Including Vancouver, there are approximately 100 sanctioned supervised injection sites in operation worldwide, mostly in Europe, Australia, and Canada. However, there are none in the United States and President Donald Trump’s administration has threatened to prosecute any jurisdiction that allows them, arguing that it enables drug use and would create public safety problems.
Statistics from the places that operate these safe injection sites, however, paint a much different picture. A study reviewing safe injection sites across the globe found a decrease in overdose deaths and the spread of infectious disease transmission, primarily HIV and Hepatitis C in places that have used safe injection sites, including Vancouver, B.C., and Sydney, Australia. The same study showed that the safe injection sites save millions of dollars for large metropolitan cities. This is due to the reduced health care costs associated with the sites and the increased use of addiction treatment programs.
When users attend a safe injection site, not only are they able to consume their drugs in a safe and sanitized environment, but they are also given information for a multitude of treatment and rehabilitation options. Enrollment in these facilities increase as users are getting proper information during their use.
“When you’re high, it’s an indescribable feeling, it doesn’t even feel real, but when you come down and realize you’re sober, it’s the absolute worst,” Bobby said “It’s awful … the absolute bottom of the barrel.”
He went on to share about how he gets his drugs and feeds his daily habit, saying that he “will do anything for the next fix — it doesn’t matter what it is.
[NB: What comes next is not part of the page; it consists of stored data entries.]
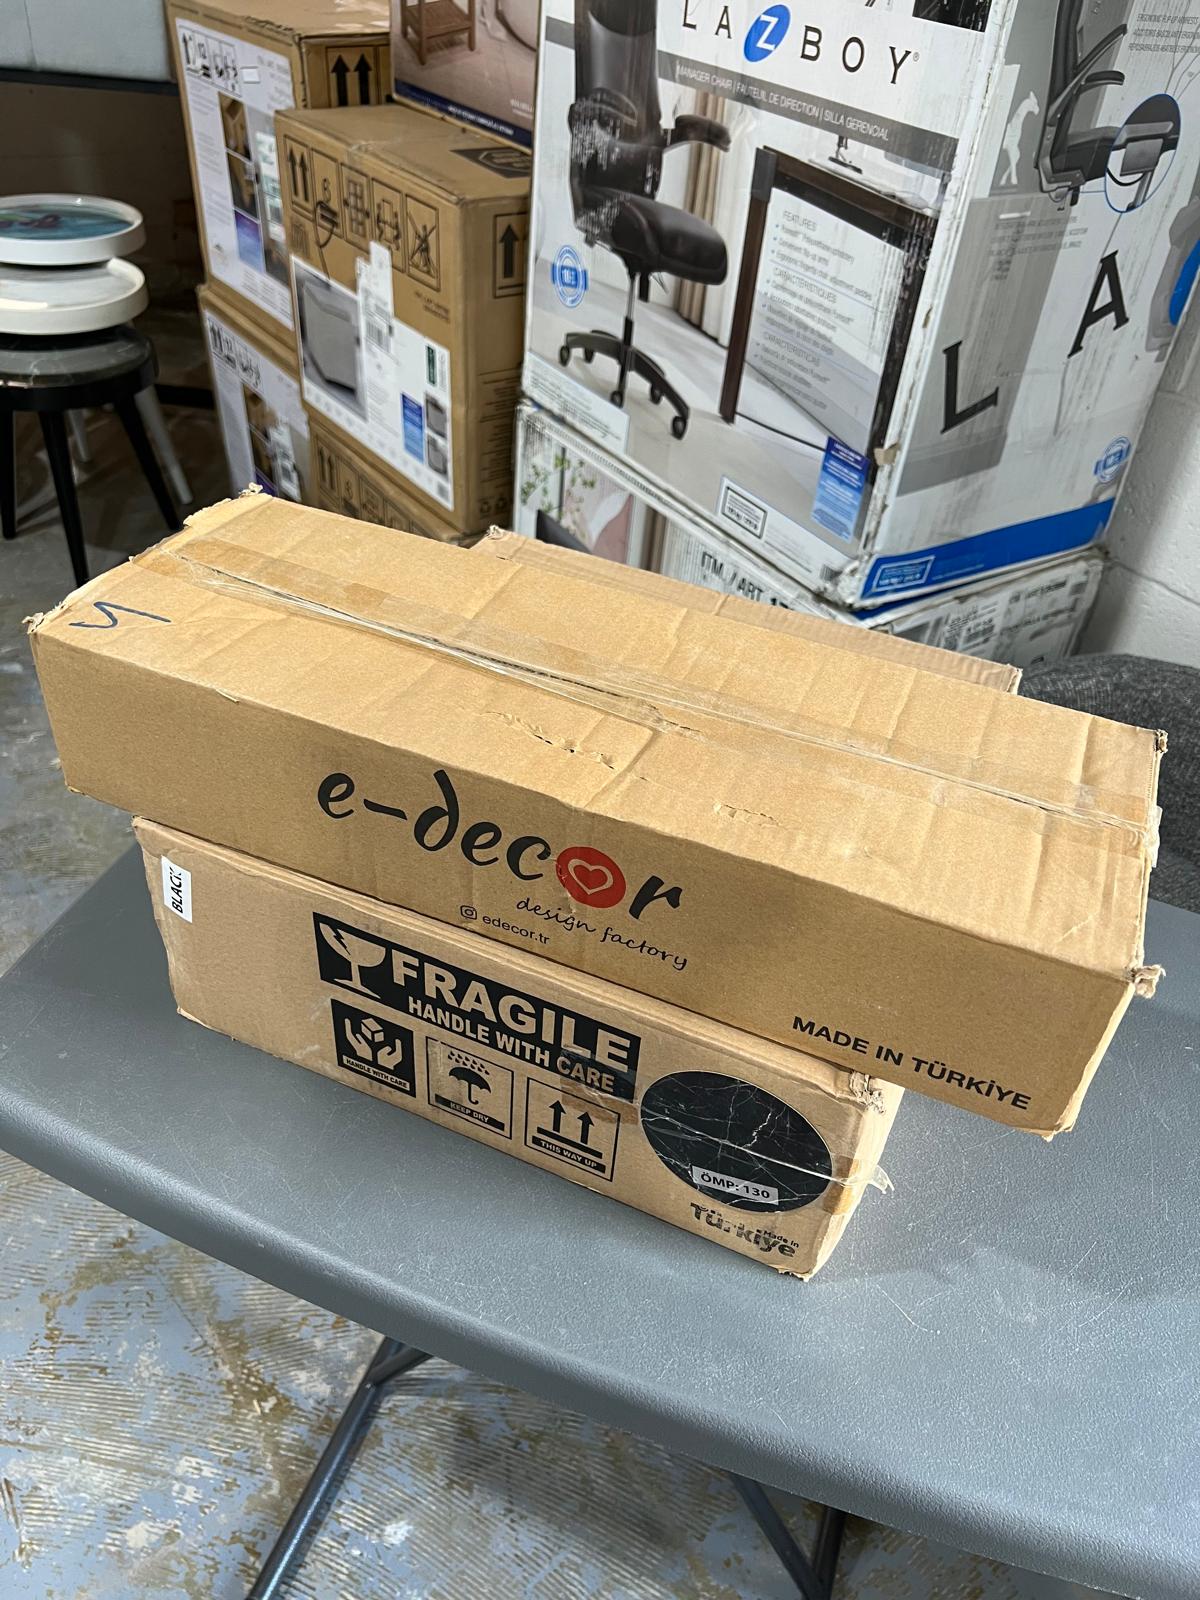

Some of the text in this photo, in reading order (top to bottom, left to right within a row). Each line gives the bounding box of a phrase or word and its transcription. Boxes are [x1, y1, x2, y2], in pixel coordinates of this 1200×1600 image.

[482, 913, 550, 945] edecor.tr
[516, 897, 689, 970] design factory
[391, 948, 632, 1073] FRAGILE
[408, 995, 615, 1093] HANDLE WITH CARE
[345, 1058, 408, 1089] HANDLE WITH CARE
[791, 1015, 1032, 1111] MADE IN TÜRKİYE
[450, 1101, 489, 1123] KEEP DRY
[541, 1139, 597, 1170] THIS WAY UP
[700, 1170, 771, 1200] ÖMP: 130
[763, 1228, 789, 1244] Made
Many times, I’ve stolen things, and got caught, just so I could turn around and make some money from it to buy drugs, even more than food at times.”
Drug users are not always looking to quit their habit. More often than not, they’re looking to survive. Lawmakers can continue to pour money into programs and facilitates and force users to attend meetings under the threat of criminal charges and incarceration, or they can provide an environment where people can use drugs safely, and be offered the help they need.
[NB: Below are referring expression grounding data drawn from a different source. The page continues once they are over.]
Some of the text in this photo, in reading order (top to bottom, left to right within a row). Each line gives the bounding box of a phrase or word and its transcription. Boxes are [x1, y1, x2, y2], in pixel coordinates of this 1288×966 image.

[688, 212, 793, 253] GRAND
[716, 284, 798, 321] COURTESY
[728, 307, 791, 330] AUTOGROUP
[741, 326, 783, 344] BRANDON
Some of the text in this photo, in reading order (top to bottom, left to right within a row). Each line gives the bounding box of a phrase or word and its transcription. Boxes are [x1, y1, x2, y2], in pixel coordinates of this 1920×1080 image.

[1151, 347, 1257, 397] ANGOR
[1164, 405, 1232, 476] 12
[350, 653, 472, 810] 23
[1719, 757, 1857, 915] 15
The answer to this epidemic is not simple or clear by any measure. As cities start to see the importance of safe injection sites, and their benefits, people like Bobby will have a higher chance of survival.
Yet for Bobby, it’s back out on the streets. His high gone, he slowly drifted back to reality. Grabbing his bags, he cleaned up his mess and said goodbye. I could see the realization on his face develop as he came back to his reality. Despite this, he shook my hand, thanked me for not judging him and left me with some powerful words: “I’m no less than anybody else, I just want some help. We all need it, at some point in our life.”